Datadog Metrics¶
A Datadog query can be used to obtain measurements for analysis.
apiVersion: argoproj.io/v1alpha1
kind: AnalysisTemplate
metadata:
name: loq-error-rate
spec:
args:
- name: service-name
metrics:
- name: error-rate
interval: 5m
successCondition: result <= 0.01
failureLimit: 3
provider:
datadog:
apiVersion: v2
interval: 5m
query: |
sum:requests.error.rate{service:{{args.service-name}}}
The field apiVersion
refers to the API version of Datadog (v1 or v2). Default value is v1
if this is omitted. See "Working with Datadog API v2" below for more information.
Datadog api and app tokens can be configured in a kubernetes secret in argo-rollouts namespace.
apiVersion: v1
kind: Secret
metadata:
name: datadog
type: Opaque
stringData:
address: https://api.datadoghq.com
api-key: <datadog-api-key>
app-key: <datadog-app-key>
apiVersion
here is different from the apiVersion
from the Datadog configuration above.
Important
Namespaced secret¶
Datadog integration supports referring to secrets inside the same namespace as argo-rollouts (by default)
or referring to a secret in the same namespace as the AnalysisTemplate
.
To use a secret from the AnalysisTemplate
namespace, include a secretRef
section in the template, specifying the name
of the secret and setting the namespaced
property to true
.
The process for retrieving Datadog credentials is as follows:
1. If a secretRef
is defined in the AnalysisTemplate
: Argo Rollouts will search for the secret with the specified name in the namespace where the template resides.
2. If the secret is not found in the specified namespace: Argo Rollouts will then check the environment variables.
3. If the credentials are not found in environment variables: Argo Rollouts will look for a secret named "Datadog" in the namespace where Argo Rollouts itself is deployed.
Let me know if there's anything else you'd like to adjust!
```yaml
apiVersion: argoproj.io/v1alpha1
kind: AnalysisTemplate
metadata:
name: loq-error-rate
spec:
args:
- name: service-name
metrics:
- name: error-rate
interval: 5m
successCondition: result <= 0.01
failureLimit: 3
provider:
datadog:
apiVersion: v2
interval: 5m
secretRef:
name: "mysecret"
namespaced: true
query: |
sum:requests.error.rate{service:{{args.service-name}}}
```
Working with Datadog API v2¶
Important
While some basic v2 functionality is working in earlier versions, the new properties of formula
and queries
are only available as of v1.7
Moving to v2¶
If your old v1 was just a simple metric query - no formula as part of the query - then you can just move to v2 by updating the apiVersion
in your existing Analysis Template, and everything should work.

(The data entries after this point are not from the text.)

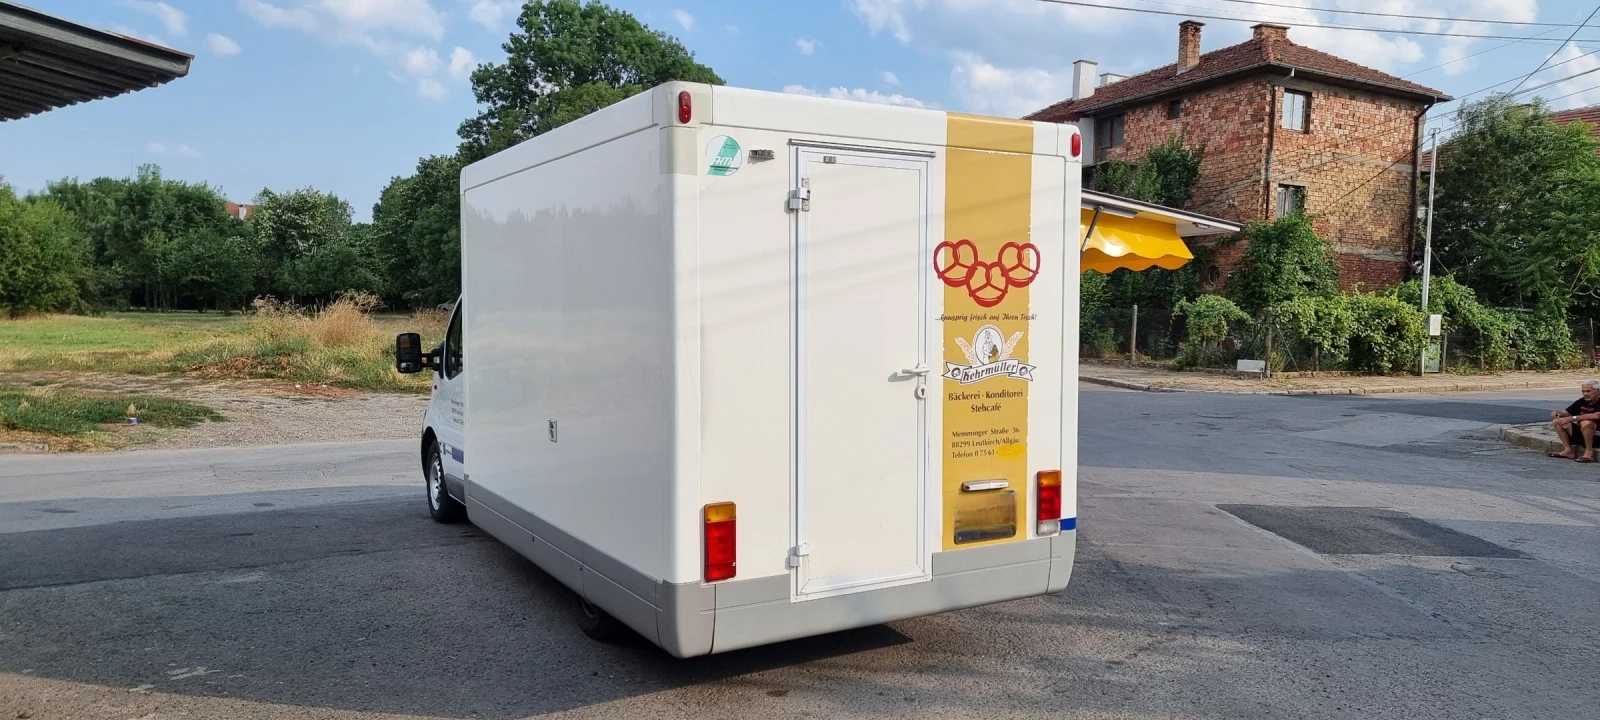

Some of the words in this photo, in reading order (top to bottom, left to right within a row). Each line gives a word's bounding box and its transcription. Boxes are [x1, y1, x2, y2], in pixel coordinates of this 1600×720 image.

[969, 313, 987, 322] frisch
[988, 313, 1000, 322] auf
[1001, 312, 1019, 321] Ihren
[962, 360, 1017, 382] Kehrmüller
[948, 391, 981, 402] Bäckerei
[985, 388, 1024, 400] Konditorei
[970, 402, 1002, 413] Stehcafé
[951, 429, 988, 438] Memminger
[990, 427, 1009, 435] Straße
[1012, 426, 1020, 434] 36
[951, 440, 971, 449] 88299
[951, 450, 974, 459] Telefon

If you have a formula, you will need to update how you configure your metric. Here is a before/after example of what your Analysis Template should look like:
Before:
apiVersion: argoproj.io/v1alpha1
kind: AnalysisTemplate
metadata:
name: log-error-rate
spec:
args:
- name: service-name
metrics:
- name: error-rate
interval: 30s
successCondition: default(result, 0) < 10
failureLimit: 3
provider:
datadog:
apiVersion: v1
interval: 5m
query: "moving_rollup(sum:requests.errors{service:{{args.service-name}}}.as_count(), 60, 'sum') / sum:requests{service:{{args.service-name}}}.as_count()"
After:
apiVersion: argoproj.io/v1alpha1
kind: AnalysisTemplate
metadata:
name: loq-error-rate
spec:
args:
- name: service-name
metrics:
- name: error-rate
# Polling rate against the Datadog API
interval: 30s
successCondition: default(result, 0) < 10
failureLimit: 3
provider:
datadog:
apiVersion: v2
# The window of time we are looking at in DD. Basically we will fetch data from (now-5m) to now.
interval: 5m
queries:
a: sum:requests.errors{service:{{args.service-name}}}.as_count()
b: sum:requests{service:{{args.service-name}}}.as_count()

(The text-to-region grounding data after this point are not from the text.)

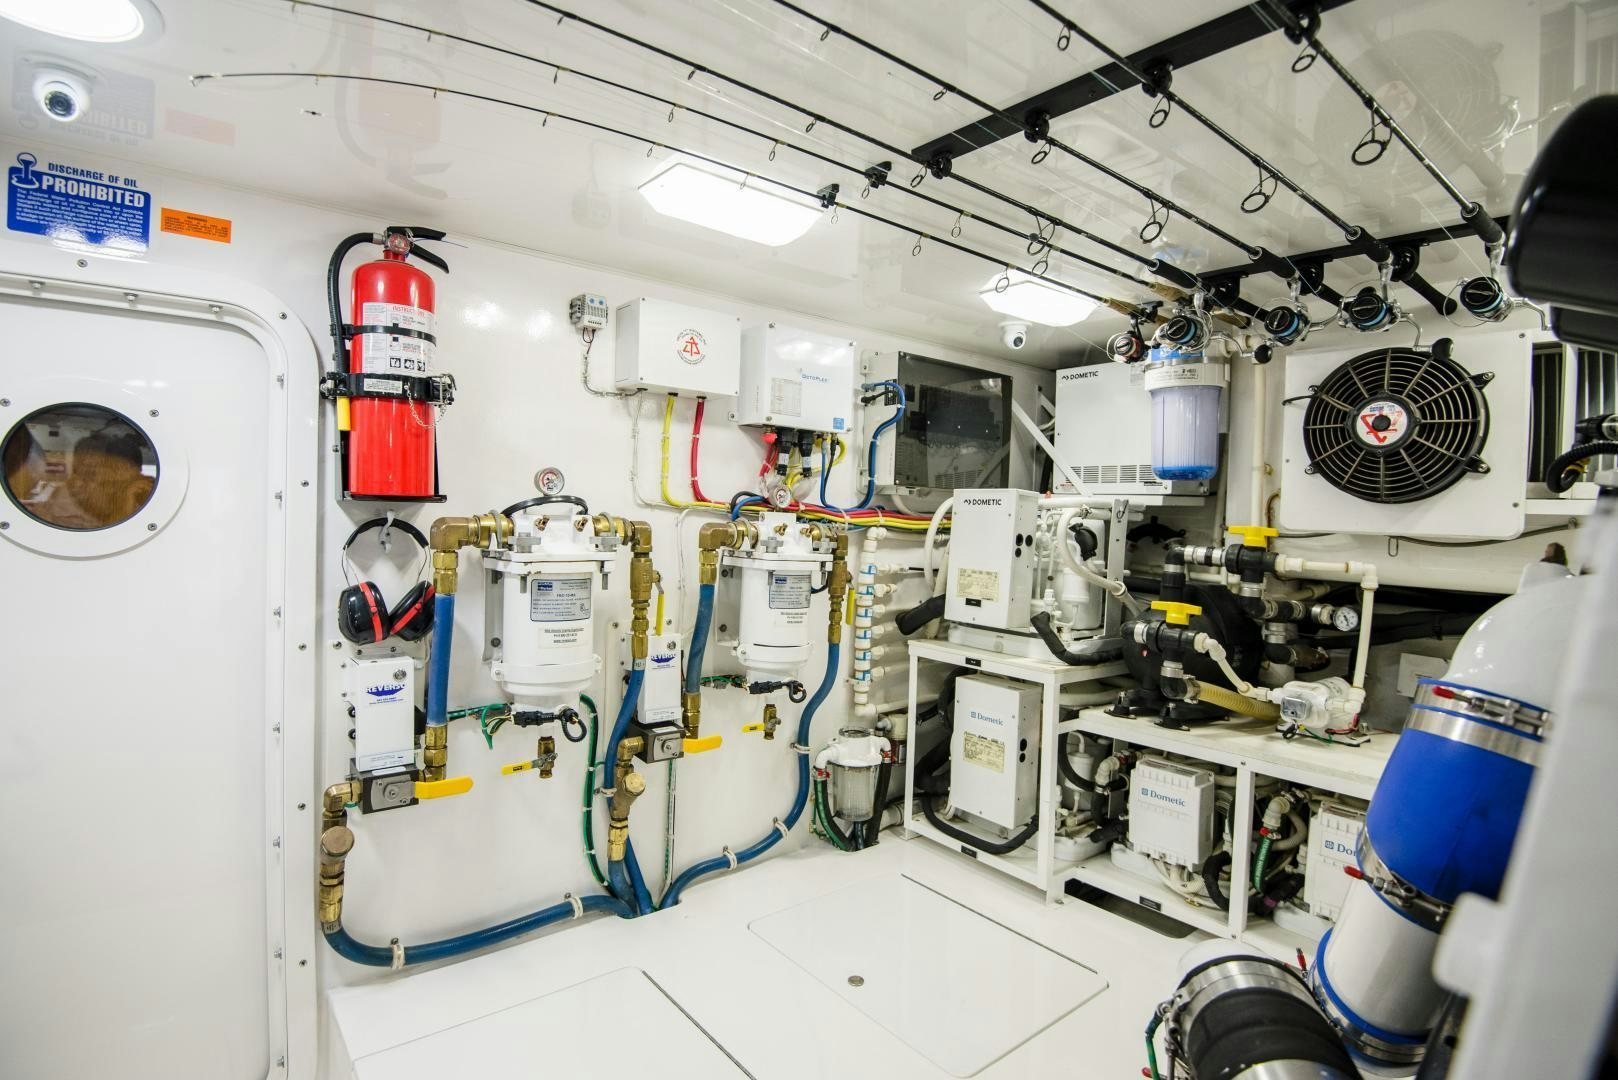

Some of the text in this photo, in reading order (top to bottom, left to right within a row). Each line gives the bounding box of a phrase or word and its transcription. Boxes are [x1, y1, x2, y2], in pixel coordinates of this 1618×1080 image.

[48, 163, 138, 188] DISCHARGE OF OIL
[41, 175, 145, 207] PROHIBITED
[1070, 370, 1099, 380] DOMETIC
[977, 712, 1004, 726] Dometic
[1150, 789, 1185, 807] Dometic

formula: "moving_rollup(a, 60, 'sum') / b"
Examples¶
Simple v2 query with no formula
apiVersion: argoproj.io/v1alpha1
kind: AnalysisTemplate
metadata:
name: canary-container-restarts
spec:
args:
# This is set in rollout using the valueFrom: podTemplateHashValue functionality
- name: canary-hash
- name: service-name
- name: restarts.initial-delay
value: "60s"
- name: restarts.max-restarts
value: "4"
metrics:
- name: kubernetes.containers.restarts
initialDelay: "{{ args.restarts.initial-delay }}"
interval: 15s
failureCondition: default(result, 0) > {{ args.restarts.max-restarts }}
failureLimit: 0
provider:
datadog:
apiVersion: v2
interval: 5m
queries:
# The key is arbitrary - you will use this key to refer to the query if you use a formula.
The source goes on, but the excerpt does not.